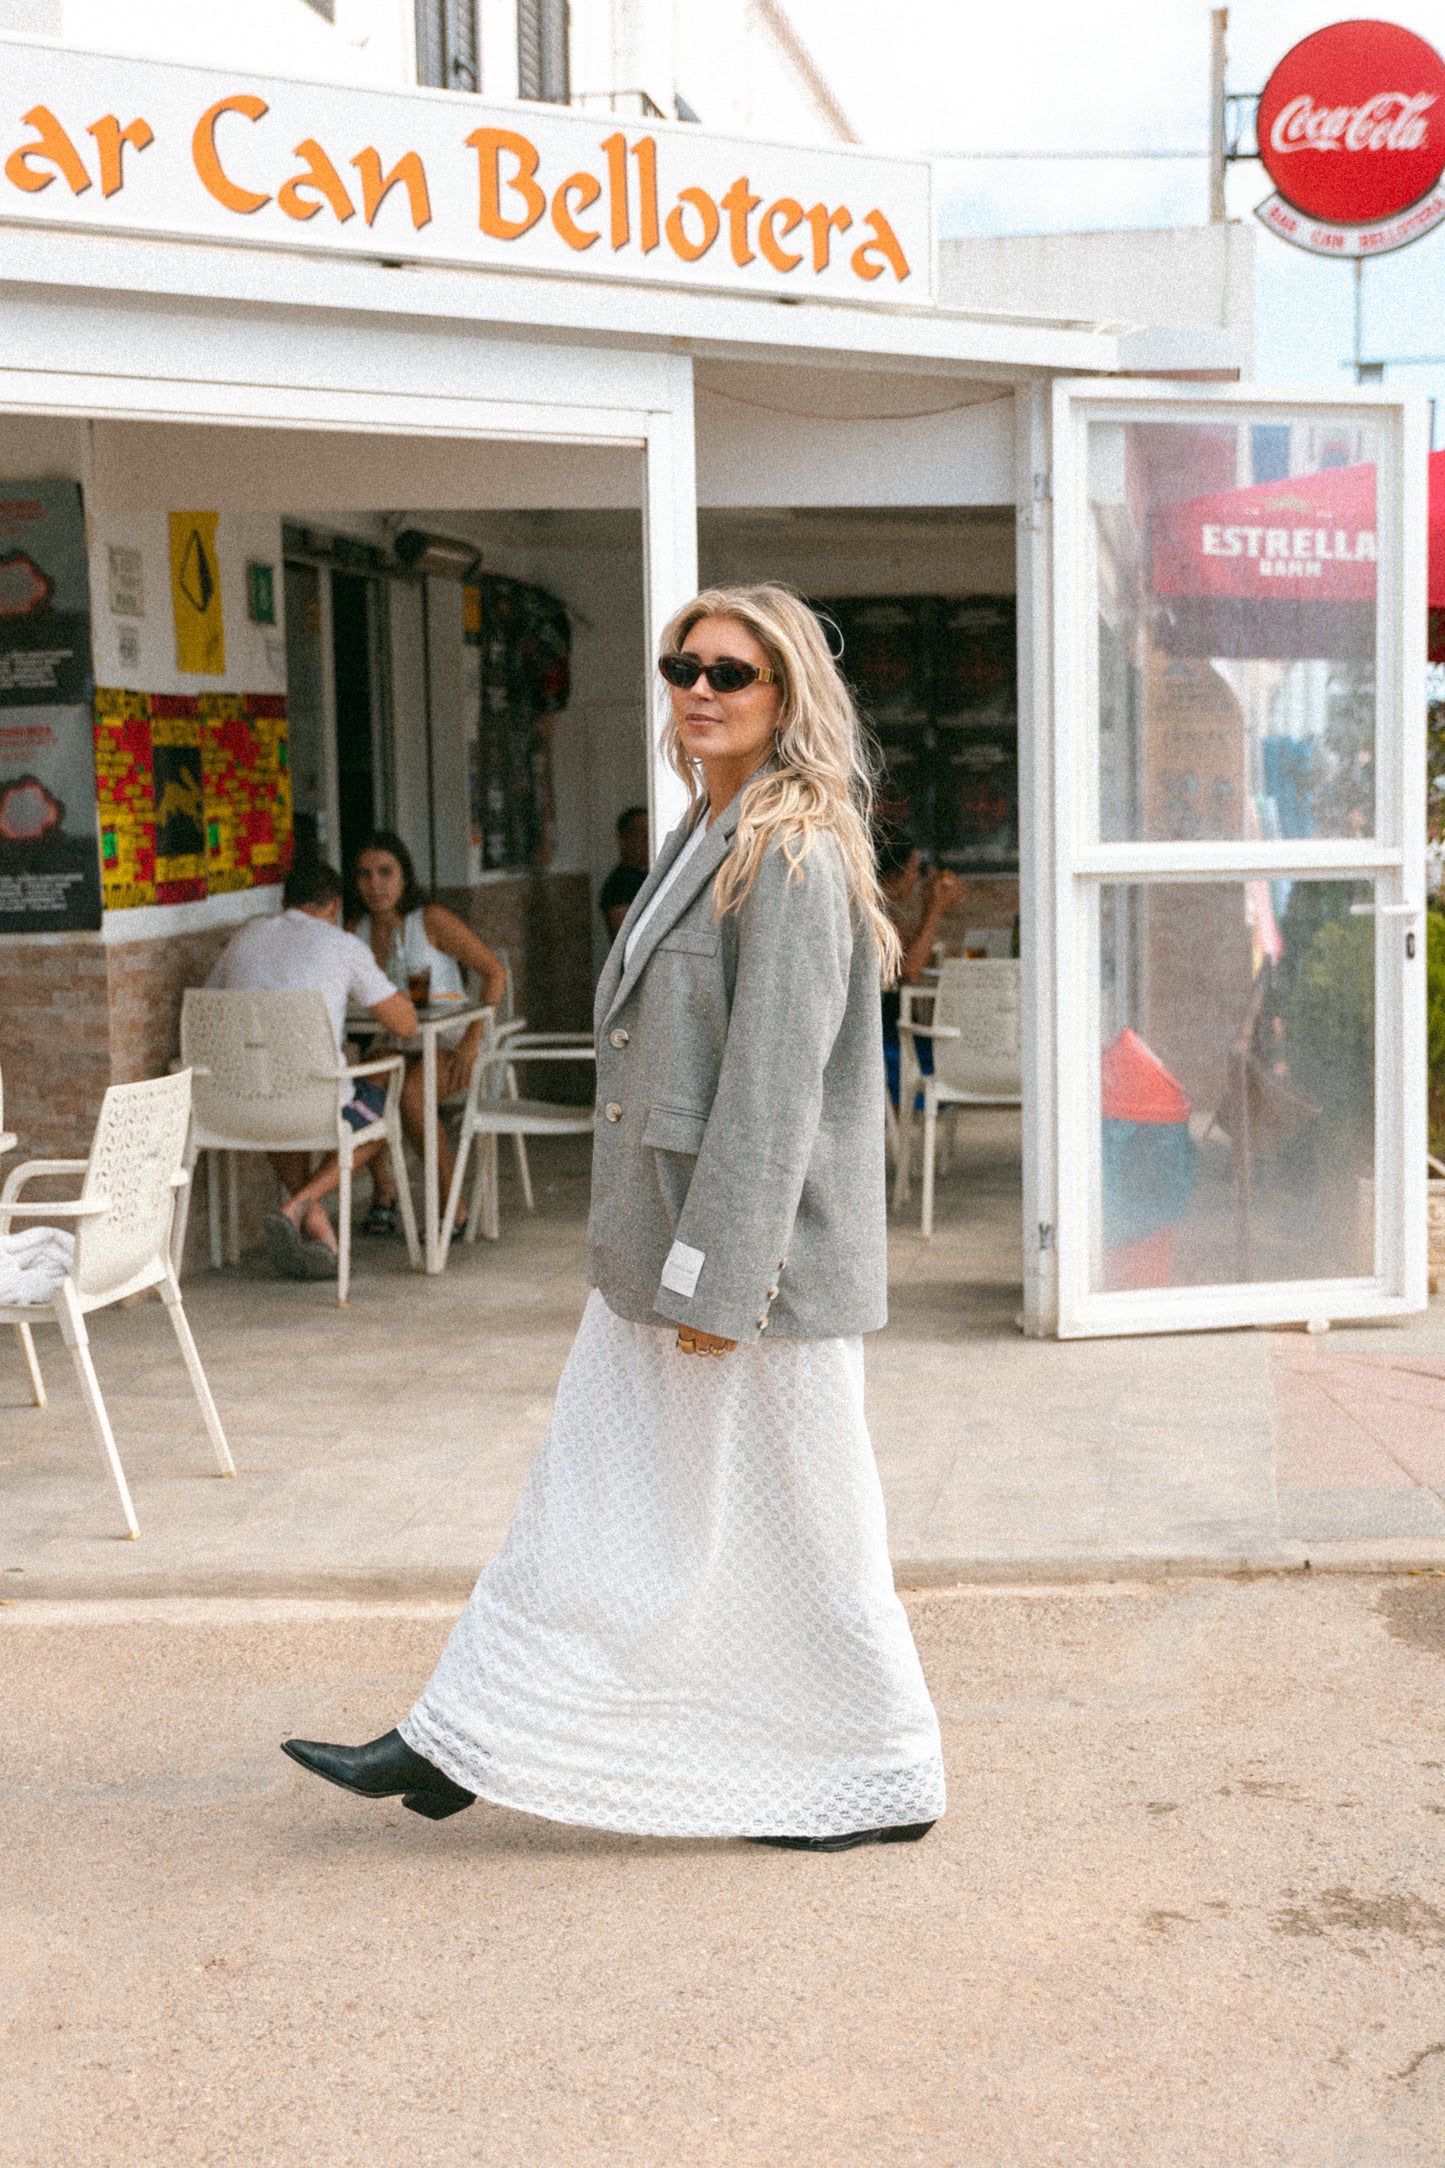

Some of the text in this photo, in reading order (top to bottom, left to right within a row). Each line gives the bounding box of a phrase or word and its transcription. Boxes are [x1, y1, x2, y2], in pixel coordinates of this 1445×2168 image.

[192, 94, 432, 231] Can
[464, 127, 911, 283] Bellotera
[1310, 228, 1344, 250] CAN
[1201, 523, 1377, 562] ESTRELLA

----------------------------------------

All records above are to be printed exactly, minus the pictures they contain.

Result for this exercise:
Some of the text in this photo, in reading order (top to bottom, left to right within a row). Each line gives the bounding box of a phrase or word and its transcription. Boxes are [x1, y1, x2, y2], in pixel coordinates of this 1445×2168 image.

[192, 94, 432, 231] Can
[464, 127, 911, 283] Bellotera
[1310, 228, 1344, 250] CAN
[1201, 523, 1377, 562] ESTRELLA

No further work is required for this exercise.